Try it
Repeat these records exactly, pictures excluded.

Spatial localization data
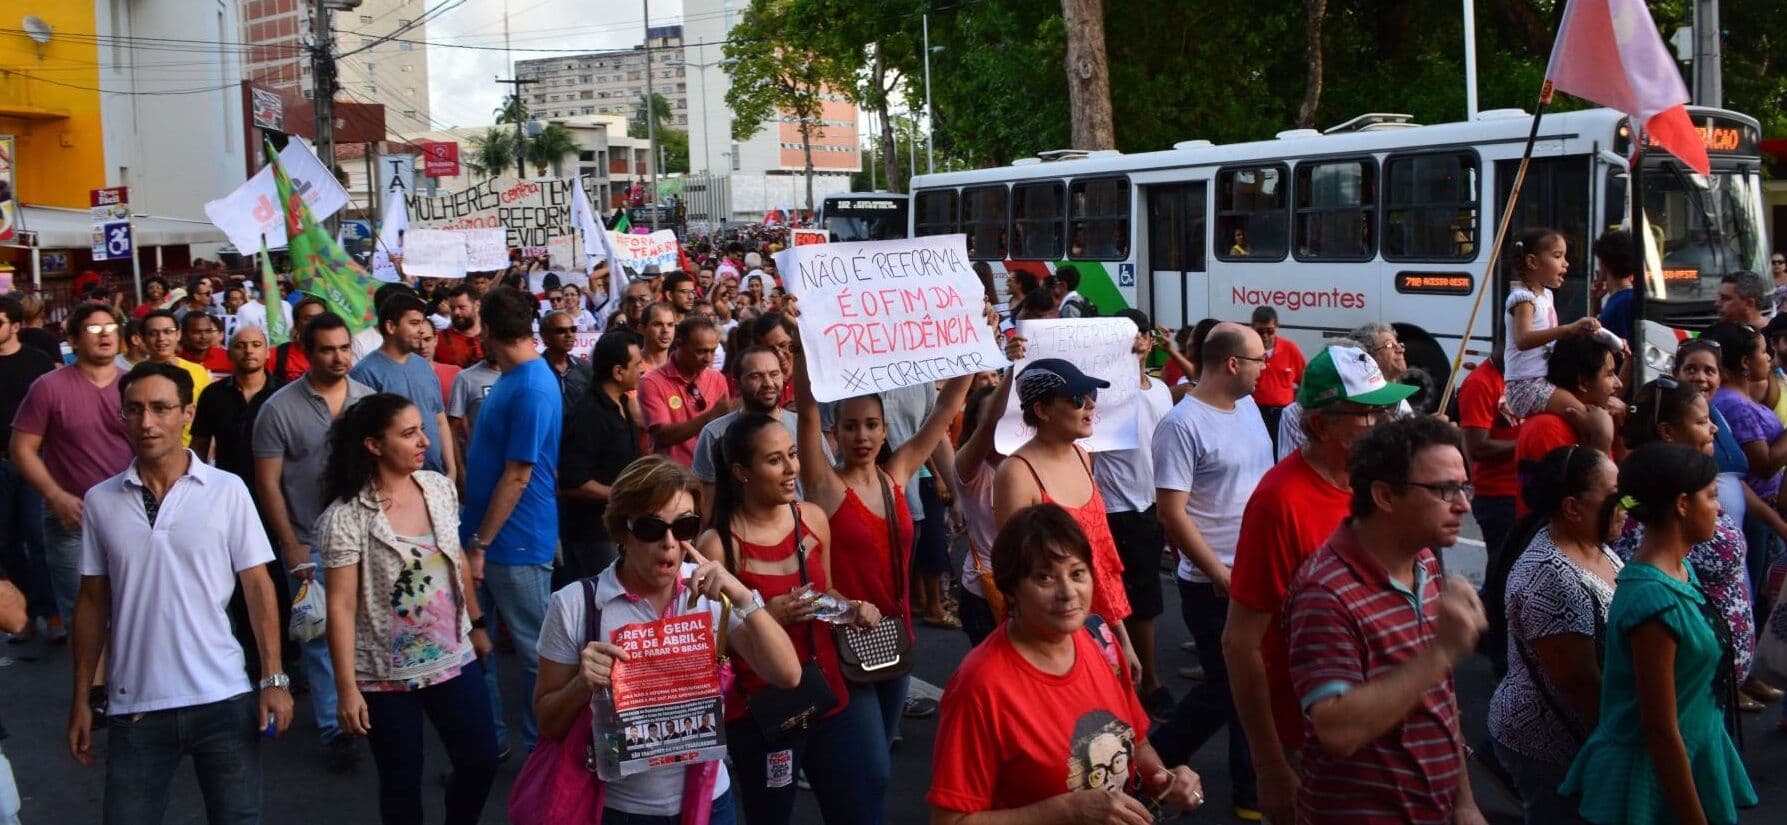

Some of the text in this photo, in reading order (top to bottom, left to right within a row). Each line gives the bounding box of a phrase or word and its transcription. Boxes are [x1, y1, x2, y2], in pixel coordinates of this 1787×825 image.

[403, 176, 500, 222] MULHERES
[501, 180, 539, 204] contra
[498, 205, 572, 228] REFORM
[795, 232, 827, 246] FORA
[799, 248, 966, 290] NÃO É REFORMA
[836, 285, 965, 318] É O FIM DA
[1231, 286, 1365, 311] Navegantes
[823, 313, 980, 358] PREVIDÊNCIA
[840, 351, 990, 393] #FORATEMER
[663, 620, 706, 634] GERAL
[623, 641, 638, 651] 28
[642, 639, 658, 648] DE
[632, 651, 643, 659] DE
[645, 647, 670, 657] PARAR
[682, 643, 709, 653] BRASIL
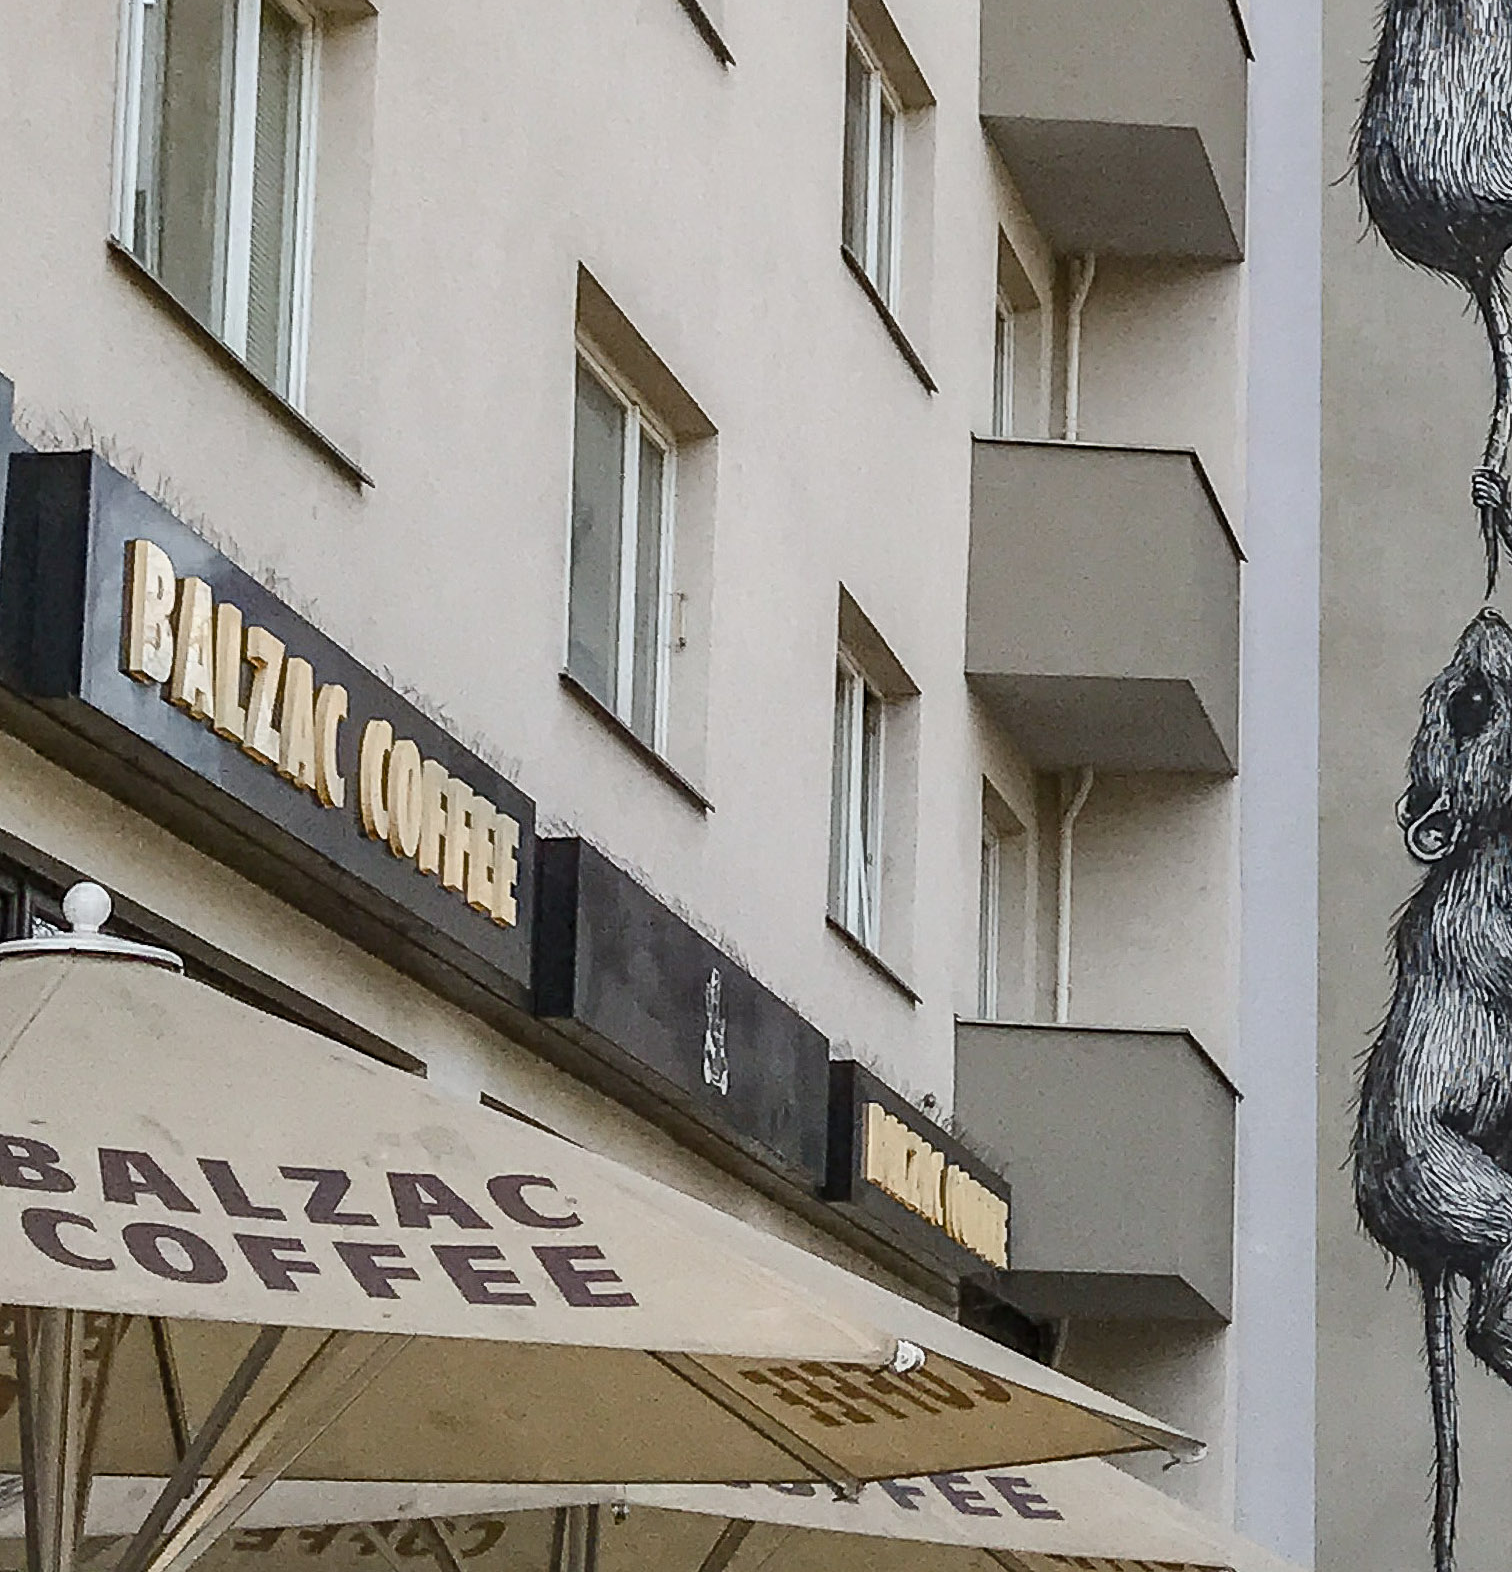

Exercise output
Some of the text in this photo, in reading order (top to bottom, left to right within a row). Each line gives the bounding box of a phrase or word and its transcription. Boxes are [x1, y1, x2, y2], in pixel coordinates of this 1787×825 image.

[403, 176, 500, 222] MULHERES
[501, 180, 539, 204] contra
[498, 205, 572, 228] REFORM
[795, 232, 827, 246] FORA
[799, 248, 966, 290] NÃO É REFORMA
[836, 285, 965, 318] É O FIM DA
[1231, 286, 1365, 311] Navegantes
[823, 313, 980, 358] PREVIDÊNCIA
[840, 351, 990, 393] #FORATEMER
[663, 620, 706, 634] GERAL
[623, 641, 638, 651] 28
[642, 639, 658, 648] DE
[632, 651, 643, 659] DE
[645, 647, 670, 657] PARAR
[682, 643, 709, 653] BRASIL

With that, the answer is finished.